32. Rencana

970 101 32
                                    

Aldhino menatap lekat rambut hitam Elissa, air matanya jatuh begitu saja tanpa aba-aba, dadanya serasa sesak. Ada rasa bahagia dan rindu yang mendalam, dia juga berterima kasih karena di penghujung hidupnya dia masih sempat diberi kesempatan untuk melihat salah satu adik kembarnya yang masih hidup.

Namun Aldhino harus menepis kebahagiaan itu saat ini, dia tidak ingin memberikan harapan untuk adiknya. Dia tidak ingin menjadikan dirinya sebagai kehilangan terakhir dan kehilangan paling menyakitkan dalam kisah sang adik.

Perlahan Aldhino menghapus air matanya kasar, lalu dengan kasar mendorong tubuh Elissa kasar menjauh dari dirinya.

"Jauh-jauh lu dari gua! Penghianat!

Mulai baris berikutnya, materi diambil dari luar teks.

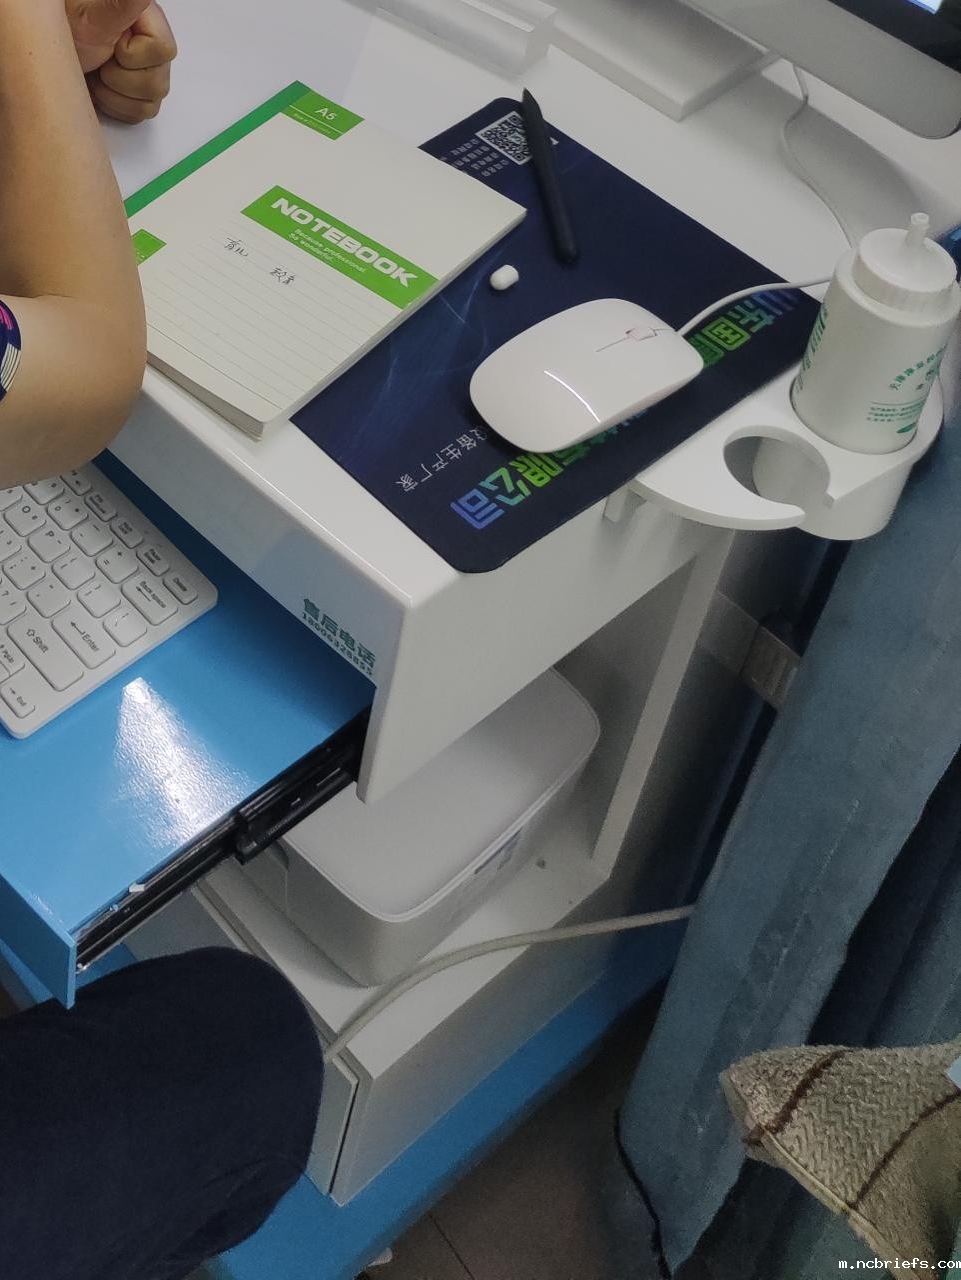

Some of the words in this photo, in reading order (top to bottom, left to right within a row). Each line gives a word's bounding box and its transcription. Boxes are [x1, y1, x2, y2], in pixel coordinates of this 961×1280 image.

Bisa-bisanya lu malah milih bekerja sama dengan Vallorand sialan ini!" bentak Aldhino kasar, jauh di dalam lubuk hatinya, kata maaf berulang-ulang kali dia ucapkan untuk adiknya.

"Ab-abang, bukan gitu bang, mereka ngga salah, ayah sama kakak yang salah abang" lirih Elissa dengan mencoba menggapai tangan Aldhino

"Diam!" bentak Aldhino sekali lagi, menepis kuat tangan Elissa.

"Aldhino!" tegas Asgara, dia tidak suka jika seseorang membentak seorang wanita dengan kasar, walaupun Asgara tau Aldhino sengaja melakukannya agar Elissa membenci abangnya sendiri.

Valle dengan cepat menarik lengan Asgara dan memberi isyarat agar tidak ikut campur dalam masalah ini. Ini di luar urusan keluarga mereka.

"Abang, Elissa benar-benar minta maaf jika abang berpikir Elissa salah. Tapi bagi Elissa inilah yang benar! Ayah dan kakak salah abang, walaupun membunuh adalah cara yang salah! Dan jika abang dendam akan kematian ayah dan kakak, seharusnya abang dendamnya sama Elissa, bukan pada keluarga Vallorand, karena yang membunuh mereka adalah Elissa! Elissa yang udah meledakan lorong labirin itu bang" tegas Elissa dengan air mata yang terus berjatuhan.

Aldhino diam, mulutnya kaku. Pengakuan yang baru dia dengar dari adiknya ini benar-benar membuatnya bimbang. Siapa yang benar-benar harus dia benci sekarang? Tidak mungkin dia membenci adiknya.

Tapi Aldhino mengambil keuntungan dari pengakuan sang adik, itu adalah hal yang paling tepat untuk membuat dia jauh dari adiknya.

"Hahaha, dasar anak ngga tau di untung! Dasar sialan! Ngga tau diri! Seharusnya lu bersyukur sialan, ayah dan kakak lu mau balas dendam atas kematian bunda! Tapi lu malah belain Vallorand ini!" bentak Aldhino dengan tatapan merendahkan.

Elissa diam, entah harus dengan cara apa lagi dia menjelaskan semuanya kepada sang abang.

"Abang! Sampai kapan abang mau kayak gini? Sampai kapan abang nutup mata? Buka mata abang! Dan lihat kebenarannya!" tegas Elissa

"Lihat apa! Lihat kalau adik gua sialan dan penghianat!?" bentak Aldhino

"Abang!" bentak Elissa.

"Seharusnya lu yang mati, bukan Elizza!" bentak Aldhino dan menatap penuh amarah kearah Elissa.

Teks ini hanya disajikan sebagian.